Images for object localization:
_ _ _ _

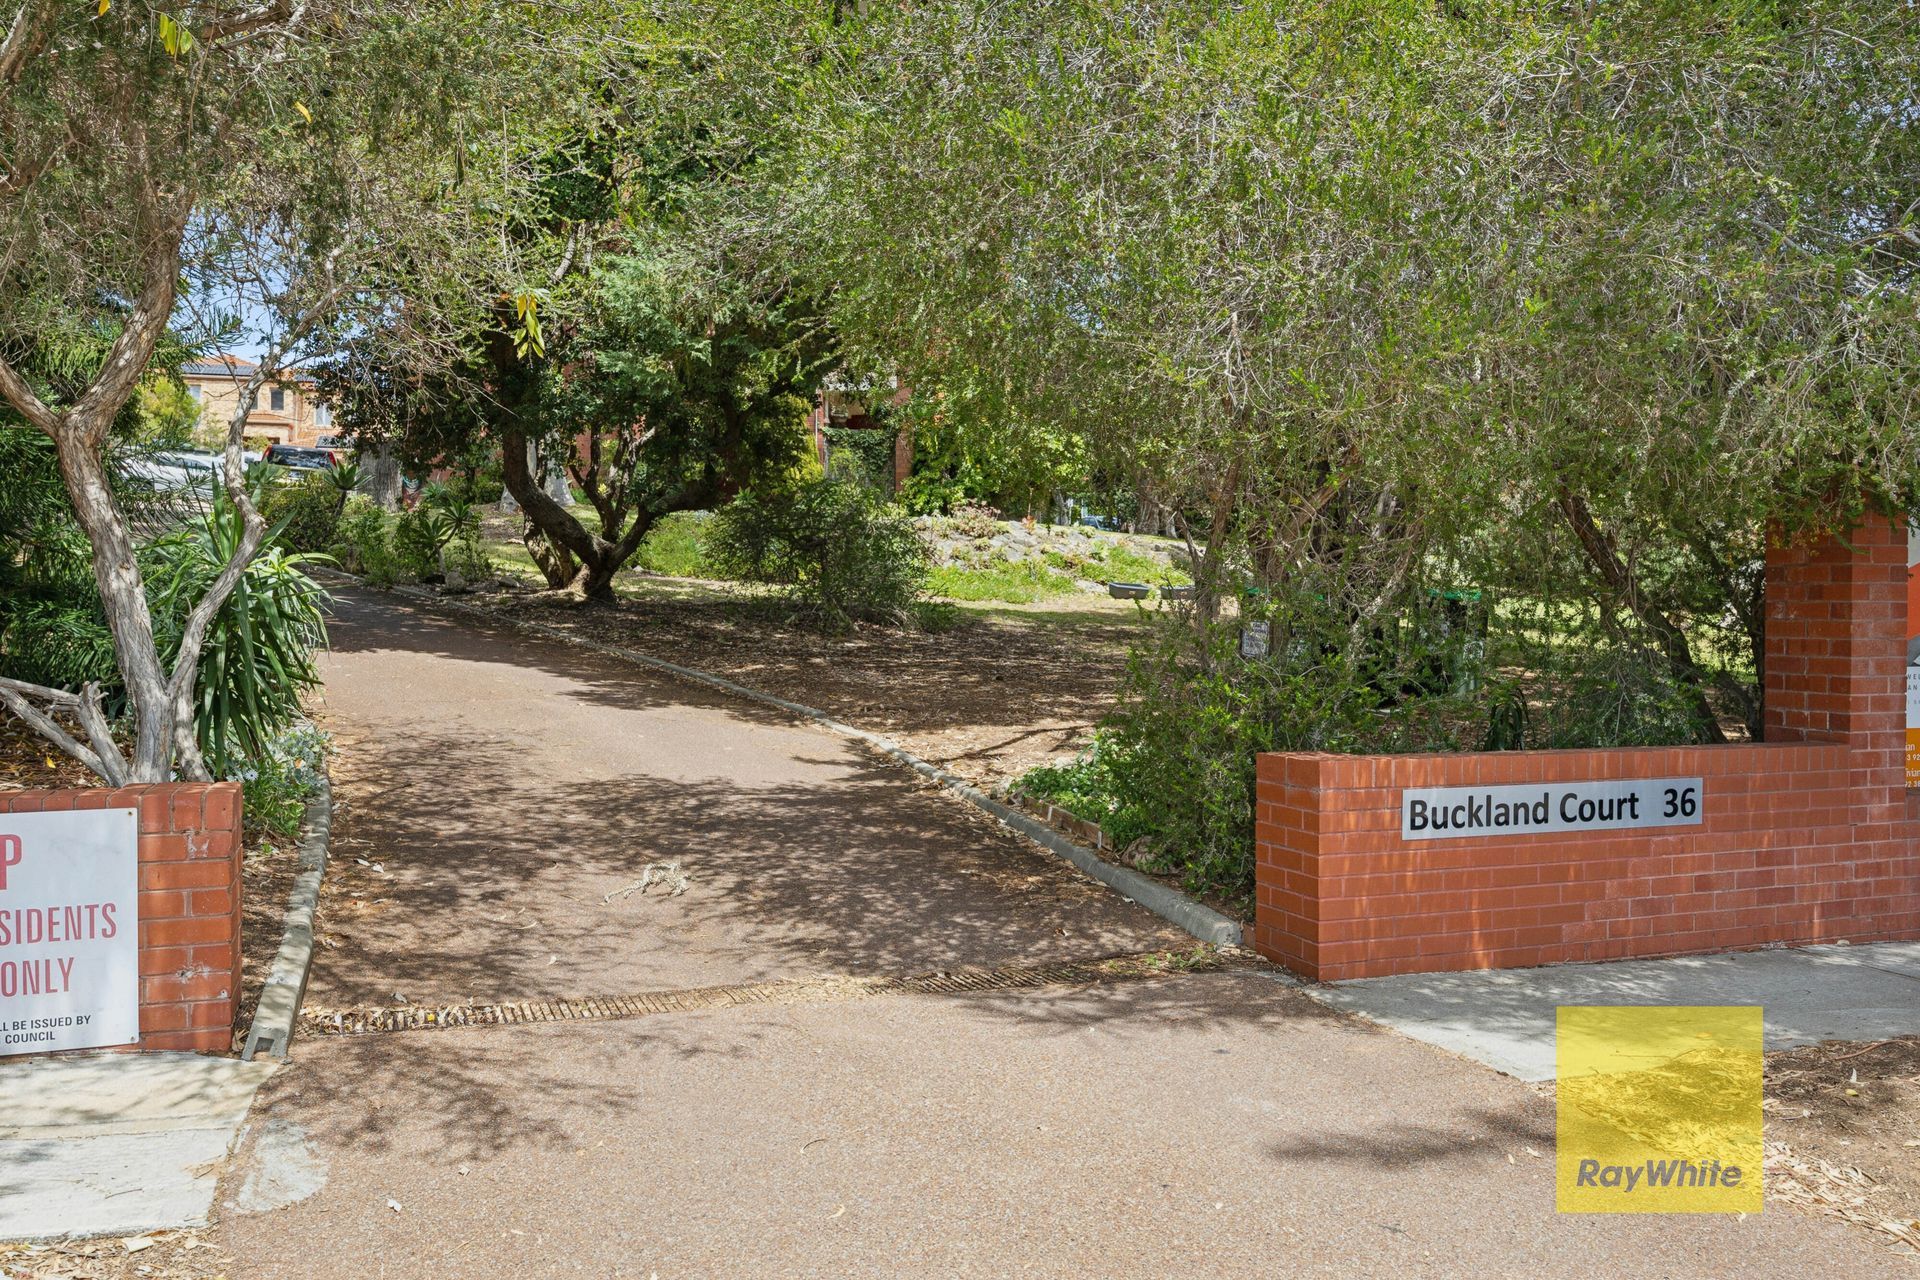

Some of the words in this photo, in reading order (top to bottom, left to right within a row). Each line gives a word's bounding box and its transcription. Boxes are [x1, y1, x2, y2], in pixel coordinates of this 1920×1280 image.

[1409, 792, 1550, 831] Buckland
[1559, 791, 1640, 824] Court
[1662, 787, 1697, 818] 36
[1, 957, 74, 998] ONLY
[12, 1020, 27, 1031] BE
[30, 1016, 73, 1029] ISSUED
[76, 1014, 92, 1025] BY
[5, 1031, 56, 1044] COUNCIL

_ _ _ _

» **WHAT IS EXPECTED**: Restate each entry word for word; pictures stay out of the copy.

» **WRITTEN REPLY**:
Some of the words in this photo, in reading order (top to bottom, left to right within a row). Each line gives a word's bounding box and its transcription. Boxes are [x1, y1, x2, y2], in pixel coordinates of this 1920×1280 image.

[1409, 792, 1550, 831] Buckland
[1559, 791, 1640, 824] Court
[1662, 787, 1697, 818] 36
[1, 957, 74, 998] ONLY
[12, 1020, 27, 1031] BE
[30, 1016, 73, 1029] ISSUED
[76, 1014, 92, 1025] BY
[5, 1031, 56, 1044] COUNCIL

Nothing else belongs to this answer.